Monthly Archives: January 2020

My Nightmare story and Vastarien article are on the Preliminary Bram Stoker Awards Ballot!

So last week ushered in a very big surprise when both my short story, “The Eight People Who Murdered Me (Excerpt from Lucy Westenra’s Diary)” and my short nonfiction article, “Magic, Madness, and Women Who Creep: The Power of Individuality in the Work of Charlotte Perkins Gilman” made it on the 2019 Bram Stoker Awards Preliminary Ballot.

Seriously. WHAT?!

Now as always, it’s important to note that this is NOT a nomination. Voting on the final ballot opens tomorrow, and the official nominees will be announced next month. But to have two works appear on the preliminary ballot is such an incredible honor, and I’m still stunned just writing this post.

Because I don’t want to keep blathering on (yes, I know you’ve all heard plenty about this from me already on social media), here’s a bit about each work that’s on the preliminary ballot, and then I’ll wrap this up.

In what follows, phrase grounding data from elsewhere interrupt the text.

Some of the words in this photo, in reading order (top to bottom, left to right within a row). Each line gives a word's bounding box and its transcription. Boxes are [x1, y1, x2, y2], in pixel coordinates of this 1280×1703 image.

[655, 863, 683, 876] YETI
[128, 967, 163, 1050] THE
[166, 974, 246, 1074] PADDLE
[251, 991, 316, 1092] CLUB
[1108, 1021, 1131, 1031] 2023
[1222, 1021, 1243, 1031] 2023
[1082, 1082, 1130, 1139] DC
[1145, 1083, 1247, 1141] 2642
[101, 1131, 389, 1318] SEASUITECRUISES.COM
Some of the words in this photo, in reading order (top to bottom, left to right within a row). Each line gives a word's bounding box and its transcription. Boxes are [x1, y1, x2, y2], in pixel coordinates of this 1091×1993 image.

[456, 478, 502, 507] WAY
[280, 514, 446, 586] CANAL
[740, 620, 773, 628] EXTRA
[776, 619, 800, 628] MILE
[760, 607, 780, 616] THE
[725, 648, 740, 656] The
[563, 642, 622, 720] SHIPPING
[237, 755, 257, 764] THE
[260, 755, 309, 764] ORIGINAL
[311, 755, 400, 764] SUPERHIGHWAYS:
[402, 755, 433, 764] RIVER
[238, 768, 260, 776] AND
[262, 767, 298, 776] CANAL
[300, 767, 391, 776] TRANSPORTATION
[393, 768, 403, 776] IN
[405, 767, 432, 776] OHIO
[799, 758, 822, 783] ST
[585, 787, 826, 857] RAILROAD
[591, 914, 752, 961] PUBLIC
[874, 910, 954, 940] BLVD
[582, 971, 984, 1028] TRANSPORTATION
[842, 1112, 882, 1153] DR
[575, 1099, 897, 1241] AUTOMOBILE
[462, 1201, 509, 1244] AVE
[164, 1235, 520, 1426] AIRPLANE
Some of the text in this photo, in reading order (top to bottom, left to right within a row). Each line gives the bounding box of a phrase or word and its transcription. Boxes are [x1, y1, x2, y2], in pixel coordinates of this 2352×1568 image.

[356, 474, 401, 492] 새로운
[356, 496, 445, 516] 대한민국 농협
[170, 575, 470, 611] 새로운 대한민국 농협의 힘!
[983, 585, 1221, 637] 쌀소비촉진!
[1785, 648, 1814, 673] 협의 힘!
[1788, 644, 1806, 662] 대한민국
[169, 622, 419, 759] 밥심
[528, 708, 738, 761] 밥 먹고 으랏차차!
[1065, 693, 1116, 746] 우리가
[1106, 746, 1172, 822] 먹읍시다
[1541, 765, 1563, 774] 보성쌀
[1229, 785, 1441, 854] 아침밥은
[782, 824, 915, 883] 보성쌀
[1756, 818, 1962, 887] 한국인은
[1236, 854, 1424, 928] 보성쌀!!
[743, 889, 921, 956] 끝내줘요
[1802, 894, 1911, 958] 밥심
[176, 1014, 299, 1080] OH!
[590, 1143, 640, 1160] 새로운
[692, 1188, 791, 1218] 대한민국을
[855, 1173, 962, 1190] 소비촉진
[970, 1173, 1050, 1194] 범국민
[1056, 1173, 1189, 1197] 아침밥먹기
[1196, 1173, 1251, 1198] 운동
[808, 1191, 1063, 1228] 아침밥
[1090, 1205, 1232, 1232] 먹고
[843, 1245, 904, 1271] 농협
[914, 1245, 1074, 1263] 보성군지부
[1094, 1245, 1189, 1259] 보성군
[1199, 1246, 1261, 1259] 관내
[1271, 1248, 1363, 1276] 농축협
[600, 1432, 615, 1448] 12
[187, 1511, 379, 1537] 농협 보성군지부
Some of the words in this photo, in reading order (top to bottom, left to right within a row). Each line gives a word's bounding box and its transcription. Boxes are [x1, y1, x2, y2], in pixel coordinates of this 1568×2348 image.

In the short fiction category, my story “The Eight People Who Murdered Me (Excerpt from Lucy Westenra’s Diary)” first appeared in Nightmare Magazine in November and is available to read for free online. It’s a retelling of Dracula from Lucy’s perspective, and it’s been called “a wonderful and subversive take on the classic story” by Curious Fictions and “a story that knows exactly what it is about, intricately framed and wonderfully complex” by Quick Sip Reviews.

As for short nonfiction, “Magic, Madness, and Women Who Creep: The Power of Individuality in the Work of Charlotte Perkins Gilman” was first published in March 2019 in Vastarien. This piece focuses on three of Gilman’s most famous short stories–“When I Was a Witch,” “The Giant Wistaria,” and of course “The Yellow Wallpaper”–and reflects on their themes of freedom, individuality, and so-called madness.

The iMailer newsletter from HWA went out earlier this week, which included links to both my works, but if you missed that email, then it’s worth repeating: if you’re an Active or Lifetime member and would like to read either my short story or my short nonfiction article, please email me at, and I would be thrilled to send you copies of them!

Once again, so many huge congratulations to everyone on the preliminary ballot. It was another wonderful year for horror, and the fantastic authors and works on the ballot reflect that! I’m so thrilled and humbled to be among so many awesome friends and colleagues! Good luck to all!

Happy reading!

Wild Doorways: Interview with Eric J. Guignard

Welcome back! This week, I’m happy to spotlight author and editor Eric J. Guignard. Eric is the Bram Stoker Award-winning author of That Which Grows Wild and Doorways to the Deadeye.

Recently, Eric and I discussed his inspiration as a writer as well as how his work as an editor at his publishing house Dark Moon Books has affected his work as a writer.

A couple icebreakers to start: when did you first decide to become a writer, and who are some of your favorite authors?

First, of course, thanks so much for this interview, Gwendolyn!

Now for your questions: I’ve been writing fiction with the goal of publication since February, 2011. However, I’ve been writing and drawing stories ever since I was a child. I’d just done it previously for my own interest, or for friends. I stopped in college, in order to pursue business and serious-minded life necessities… which, of course, I now regret. I don’t regret the pursuit of those things, but rather having given up writing for so many years. I only jumped into as a potential career-type desire after the realization struck me that I was missing out on something I was passionate about!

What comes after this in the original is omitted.